Carol Huntley Cohen says
Dearest Martha –
Before the church got ahold of the number 13, it was, in the histories and the
stories, a very sacred number. It meant a “shift”.
(Arthur and the 12 knights, Jesus and the 12 disciples, etc.)
And……I’m not being flip here. I think it’s interesting….
Always, love from me.
Carol
Martha says
More food for thought, Carol. Thank you!
Marcia says
I believe that the number 13 is supposed to be lucky according to Jewish tradition – as in bar/bat mitzvahs.
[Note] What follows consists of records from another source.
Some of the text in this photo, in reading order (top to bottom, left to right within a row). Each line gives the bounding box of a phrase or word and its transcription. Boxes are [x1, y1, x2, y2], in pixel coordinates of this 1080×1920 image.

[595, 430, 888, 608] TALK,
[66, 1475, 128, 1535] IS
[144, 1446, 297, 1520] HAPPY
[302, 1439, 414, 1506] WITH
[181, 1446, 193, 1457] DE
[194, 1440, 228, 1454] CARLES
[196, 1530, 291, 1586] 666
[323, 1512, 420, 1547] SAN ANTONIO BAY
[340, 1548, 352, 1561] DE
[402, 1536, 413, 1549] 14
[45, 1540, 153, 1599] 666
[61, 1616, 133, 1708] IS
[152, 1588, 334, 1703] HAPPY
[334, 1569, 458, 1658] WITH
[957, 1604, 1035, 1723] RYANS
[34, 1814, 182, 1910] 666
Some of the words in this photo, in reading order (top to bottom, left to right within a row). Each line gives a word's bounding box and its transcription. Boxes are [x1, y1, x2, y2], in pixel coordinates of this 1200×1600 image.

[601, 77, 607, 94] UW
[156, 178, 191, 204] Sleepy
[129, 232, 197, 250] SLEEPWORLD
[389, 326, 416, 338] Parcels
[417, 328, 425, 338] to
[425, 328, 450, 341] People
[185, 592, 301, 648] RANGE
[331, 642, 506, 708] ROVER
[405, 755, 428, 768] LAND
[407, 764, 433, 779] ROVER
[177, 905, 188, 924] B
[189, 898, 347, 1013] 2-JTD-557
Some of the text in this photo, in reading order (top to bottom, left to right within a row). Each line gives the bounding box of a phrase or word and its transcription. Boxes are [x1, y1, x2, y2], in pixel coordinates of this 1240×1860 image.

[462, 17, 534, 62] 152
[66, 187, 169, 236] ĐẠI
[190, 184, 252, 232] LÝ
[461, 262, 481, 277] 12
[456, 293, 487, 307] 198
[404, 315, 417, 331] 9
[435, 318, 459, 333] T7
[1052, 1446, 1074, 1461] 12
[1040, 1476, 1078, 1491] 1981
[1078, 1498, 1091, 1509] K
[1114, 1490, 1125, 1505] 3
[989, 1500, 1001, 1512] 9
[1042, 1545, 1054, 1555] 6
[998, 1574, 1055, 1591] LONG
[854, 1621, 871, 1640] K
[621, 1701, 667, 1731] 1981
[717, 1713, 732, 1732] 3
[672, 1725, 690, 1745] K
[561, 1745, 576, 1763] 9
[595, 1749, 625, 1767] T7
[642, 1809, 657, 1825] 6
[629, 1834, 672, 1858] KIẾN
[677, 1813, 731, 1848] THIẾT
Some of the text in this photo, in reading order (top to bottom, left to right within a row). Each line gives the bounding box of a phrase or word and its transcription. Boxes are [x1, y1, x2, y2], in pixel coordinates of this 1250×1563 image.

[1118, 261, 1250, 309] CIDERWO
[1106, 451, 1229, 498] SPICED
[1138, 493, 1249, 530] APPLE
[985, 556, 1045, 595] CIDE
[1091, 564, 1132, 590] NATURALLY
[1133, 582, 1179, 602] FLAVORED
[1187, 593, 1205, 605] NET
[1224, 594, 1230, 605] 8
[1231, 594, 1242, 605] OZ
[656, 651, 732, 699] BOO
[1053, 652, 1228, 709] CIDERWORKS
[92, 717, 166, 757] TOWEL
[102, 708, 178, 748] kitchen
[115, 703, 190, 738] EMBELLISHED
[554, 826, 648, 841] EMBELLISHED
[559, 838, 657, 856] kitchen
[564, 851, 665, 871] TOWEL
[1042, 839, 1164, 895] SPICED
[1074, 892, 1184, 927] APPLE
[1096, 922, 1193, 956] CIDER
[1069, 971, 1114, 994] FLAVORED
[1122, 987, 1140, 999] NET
I do not know the background, but hope it meant something for you, Martha!
Martha says
Hmmm — good luck or bad luck? It would have been good luck if the biopsy had come back negative, but it wasn’t wholly bad luck, either. A lot of good has come out of the experience for me, but I certainly wouldn’t wish it on anybody!
Marcia says
For each of us who goes for a mammogram regularly, there is a sort of split feeling about it: routine versus dread-held-at-bay. Sometimes, to me, it feels like rolling the dice: will this be a “good day” or a terrible one? Having not (yet?!?!) received the dreaded assessment, I can only imagine … But what we all hope, it that if we find we need to face the prospect of cancer, treatment and whatever else may come, we hope to have the stamina, courage, and sense-of-humor that you have modeled for us, Martha – while not at all denying all that was behind them, in the way of fear and dread. Though you are not one to lean into a hug, have to send you a cyber-hug anyway!!!
Martha says
Thanks, Marcia. The irony was, I was never worried about mammograms! I had them but never ever ever thought I’d get the news I did. Part of that stupid recommendation to raise the age of the recommended first mammogram and, I believe, reduce the frequency of them (which was then rescinded, with very little press coverage) was partly to reduce women’s stress levels surrounding mammograms and the prospect of false positives. I am the poster child for getting your mammograms starting at 40 (or earlier if you have a family history). If we hadn’t had the record of my first one, the results of the 44-year-old mammogram may not have been as much of a concern. Though we caught it very early (again, thank you mammogram), the pathology reports showed the cancer was aggressive and rapidly growing. Thanks, I’ll take the stress of a mammogram. Cyber-hug back to you, Marcia!